> _Description of the task_:
Every line of the data is to be retyped exactly.

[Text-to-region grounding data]
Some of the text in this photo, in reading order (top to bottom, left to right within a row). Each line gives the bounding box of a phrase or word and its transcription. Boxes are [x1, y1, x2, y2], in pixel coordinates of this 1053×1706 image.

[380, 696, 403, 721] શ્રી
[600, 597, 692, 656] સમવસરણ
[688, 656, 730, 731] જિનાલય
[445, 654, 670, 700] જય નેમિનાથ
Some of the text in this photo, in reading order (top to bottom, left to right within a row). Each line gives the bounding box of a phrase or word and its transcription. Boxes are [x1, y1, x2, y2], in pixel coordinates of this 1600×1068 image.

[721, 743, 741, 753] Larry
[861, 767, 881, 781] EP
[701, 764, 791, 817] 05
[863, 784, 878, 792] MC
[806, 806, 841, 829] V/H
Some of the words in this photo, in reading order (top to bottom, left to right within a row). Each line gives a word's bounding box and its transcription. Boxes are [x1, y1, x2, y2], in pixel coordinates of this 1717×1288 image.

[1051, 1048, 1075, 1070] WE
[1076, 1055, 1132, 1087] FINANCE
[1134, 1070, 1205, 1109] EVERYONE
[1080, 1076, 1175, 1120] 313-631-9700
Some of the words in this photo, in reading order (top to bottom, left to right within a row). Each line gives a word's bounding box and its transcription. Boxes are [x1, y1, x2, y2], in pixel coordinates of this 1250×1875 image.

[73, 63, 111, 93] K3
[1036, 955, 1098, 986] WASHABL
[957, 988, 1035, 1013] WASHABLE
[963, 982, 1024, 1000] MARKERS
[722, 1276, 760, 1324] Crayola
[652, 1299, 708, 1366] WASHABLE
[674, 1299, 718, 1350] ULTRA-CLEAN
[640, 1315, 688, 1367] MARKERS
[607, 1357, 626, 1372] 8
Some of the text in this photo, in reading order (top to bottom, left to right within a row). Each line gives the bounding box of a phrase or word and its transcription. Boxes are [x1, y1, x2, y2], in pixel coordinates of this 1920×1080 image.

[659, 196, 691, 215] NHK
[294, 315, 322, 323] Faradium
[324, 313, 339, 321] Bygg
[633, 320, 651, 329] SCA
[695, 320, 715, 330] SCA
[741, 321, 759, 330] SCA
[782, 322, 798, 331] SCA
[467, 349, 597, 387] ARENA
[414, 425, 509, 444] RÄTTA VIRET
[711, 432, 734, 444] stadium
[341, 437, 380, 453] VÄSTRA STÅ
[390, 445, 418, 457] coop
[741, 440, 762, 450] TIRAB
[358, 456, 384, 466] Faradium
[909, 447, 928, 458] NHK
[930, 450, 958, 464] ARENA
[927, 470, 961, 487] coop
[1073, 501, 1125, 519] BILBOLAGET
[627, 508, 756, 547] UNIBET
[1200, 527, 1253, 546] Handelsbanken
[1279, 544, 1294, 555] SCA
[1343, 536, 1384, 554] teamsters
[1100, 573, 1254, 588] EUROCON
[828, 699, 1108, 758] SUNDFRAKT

> _Response area_:
Some of the text in this photo, in reading order (top to bottom, left to right within a row). Each line gives the bounding box of a phrase or word and its transcription. Boxes are [x1, y1, x2, y2], in pixel coordinates of this 1053×1706 image.

[380, 696, 403, 721] શ્રી
[600, 597, 692, 656] સમવસરણ
[688, 656, 730, 731] જિનાલય
[445, 654, 670, 700] જય નેમિનાથ
Some of the text in this photo, in reading order (top to bottom, left to right within a row). Each line gives the bounding box of a phrase or word and its transcription. Boxes are [x1, y1, x2, y2], in pixel coordinates of this 1600×1068 image.

[721, 743, 741, 753] Larry
[861, 767, 881, 781] EP
[701, 764, 791, 817] 05
[863, 784, 878, 792] MC
[806, 806, 841, 829] V/H
Some of the words in this photo, in reading order (top to bottom, left to right within a row). Each line gives a word's bounding box and its transcription. Boxes are [x1, y1, x2, y2], in pixel coordinates of this 1717×1288 image.

[1051, 1048, 1075, 1070] WE
[1076, 1055, 1132, 1087] FINANCE
[1134, 1070, 1205, 1109] EVERYONE
[1080, 1076, 1175, 1120] 313-631-9700
Some of the words in this photo, in reading order (top to bottom, left to right within a row). Each line gives a word's bounding box and its transcription. Boxes are [x1, y1, x2, y2], in pixel coordinates of this 1250×1875 image.

[73, 63, 111, 93] K3
[1036, 955, 1098, 986] WASHABL
[957, 988, 1035, 1013] WASHABLE
[963, 982, 1024, 1000] MARKERS
[722, 1276, 760, 1324] Crayola
[652, 1299, 708, 1366] WASHABLE
[674, 1299, 718, 1350] ULTRA-CLEAN
[640, 1315, 688, 1367] MARKERS
[607, 1357, 626, 1372] 8
Some of the text in this photo, in reading order (top to bottom, left to right within a row). Each line gives the bounding box of a phrase or word and its transcription. Boxes are [x1, y1, x2, y2], in pixel coordinates of this 1920×1080 image.

[659, 196, 691, 215] NHK
[294, 315, 322, 323] Faradium
[324, 313, 339, 321] Bygg
[633, 320, 651, 329] SCA
[695, 320, 715, 330] SCA
[741, 321, 759, 330] SCA
[782, 322, 798, 331] SCA
[467, 349, 597, 387] ARENA
[414, 425, 509, 444] RÄTTA VIRET
[711, 432, 734, 444] stadium
[341, 437, 380, 453] VÄSTRA STÅ
[390, 445, 418, 457] coop
[741, 440, 762, 450] TIRAB
[358, 456, 384, 466] Faradium
[909, 447, 928, 458] NHK
[930, 450, 958, 464] ARENA
[927, 470, 961, 487] coop
[1073, 501, 1125, 519] BILBOLAGET
[627, 508, 756, 547] UNIBET
[1200, 527, 1253, 546] Handelsbanken
[1279, 544, 1294, 555] SCA
[1343, 536, 1384, 554] teamsters
[1100, 573, 1254, 588] EUROCON
[828, 699, 1108, 758] SUNDFRAKT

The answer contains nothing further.